TASK DATA =>
=======
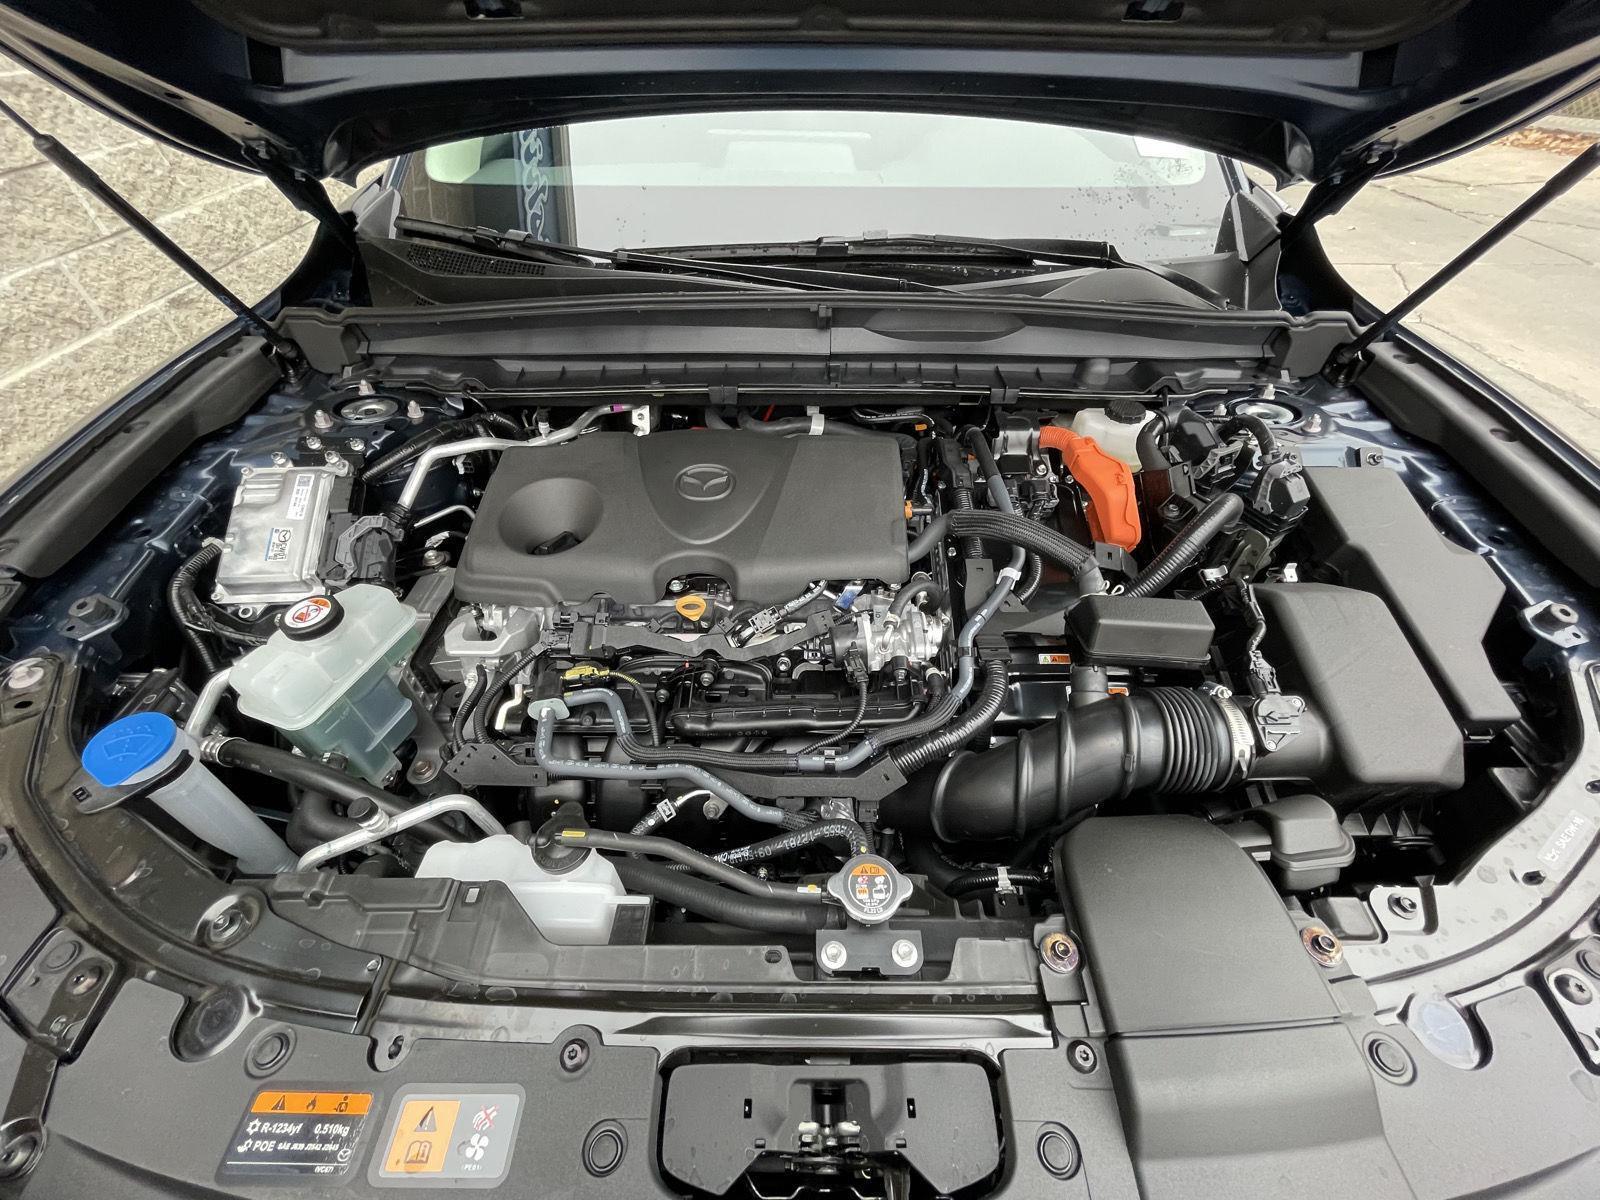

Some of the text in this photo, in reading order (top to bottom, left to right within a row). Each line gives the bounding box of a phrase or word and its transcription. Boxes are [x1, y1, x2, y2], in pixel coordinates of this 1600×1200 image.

[260, 1122, 350, 1137] R-1234yf 0.510kg
[252, 1140, 276, 1152] POE
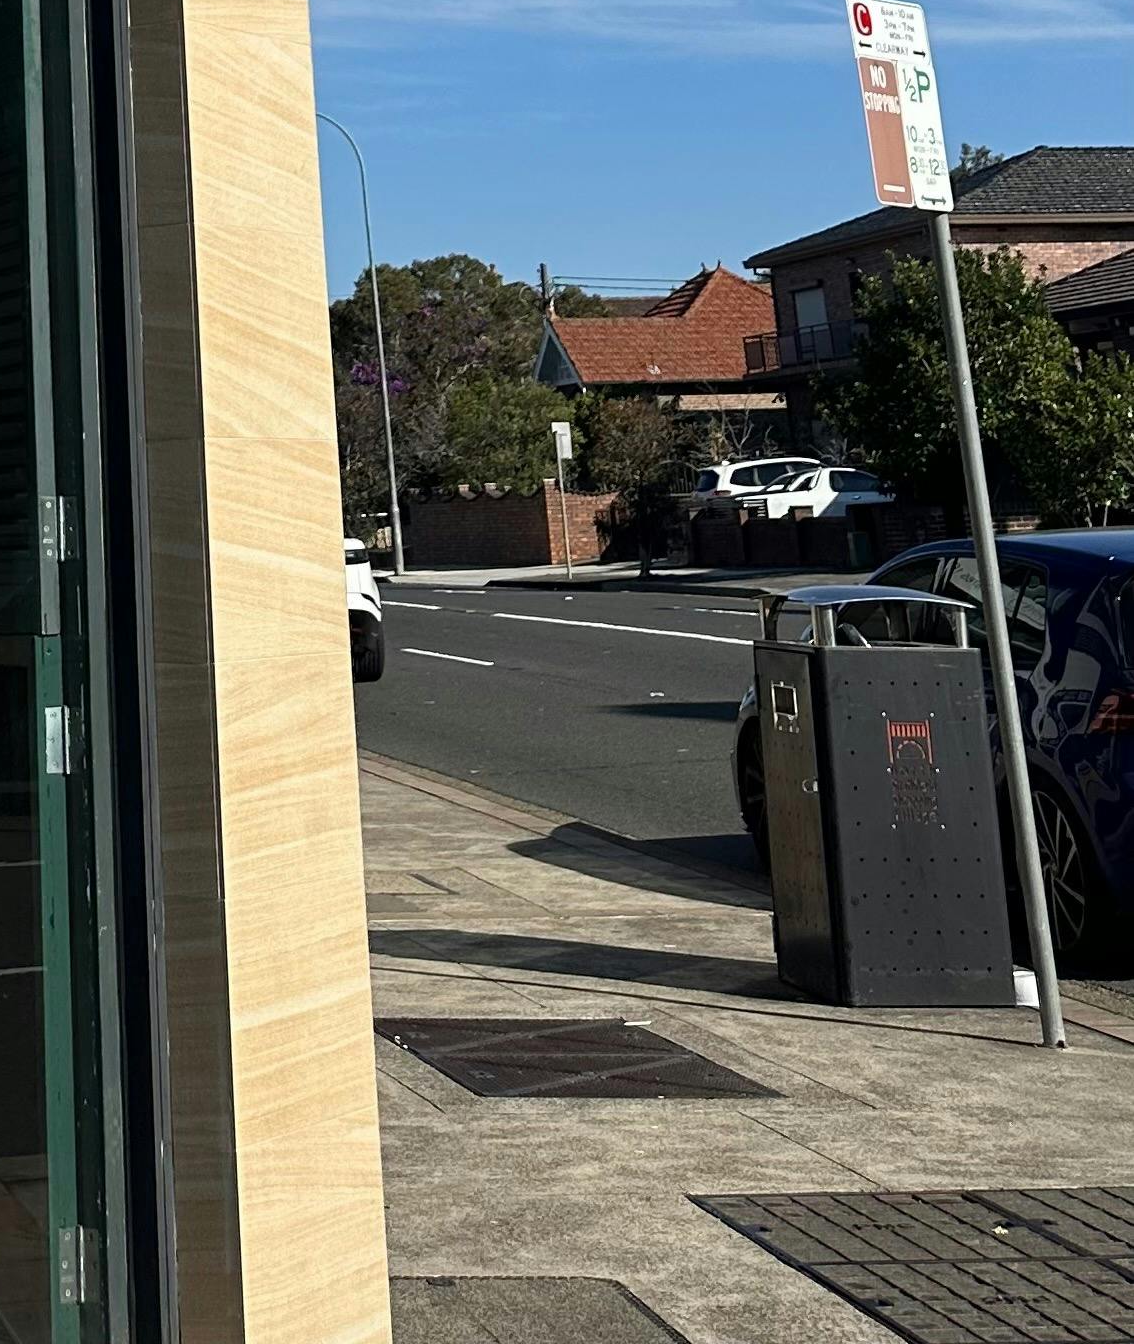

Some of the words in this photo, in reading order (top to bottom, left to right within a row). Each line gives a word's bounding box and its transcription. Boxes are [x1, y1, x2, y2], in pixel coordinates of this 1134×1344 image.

[855, 4, 871, 35] C
[869, 63, 887, 89] NO
[864, 91, 902, 115] STOPPING
=======
AIM OF THE EXERCISE => With the pictures left out, return all the material above exactly.

TASK ANSWER =>
Some of the text in this photo, in reading order (top to bottom, left to right within a row). Each line gives the bounding box of a phrase or word and its transcription. Boxes are [x1, y1, x2, y2], in pixel coordinates of this 1600×1200 image.

[260, 1122, 350, 1137] R-1234yf 0.510kg
[252, 1140, 276, 1152] POE

Some of the words in this photo, in reading order (top to bottom, left to right within a row). Each line gives a word's bounding box and its transcription. Boxes are [x1, y1, x2, y2], in pixel coordinates of this 1134×1344 image.

[855, 4, 871, 35] C
[869, 63, 887, 89] NO
[864, 91, 902, 115] STOPPING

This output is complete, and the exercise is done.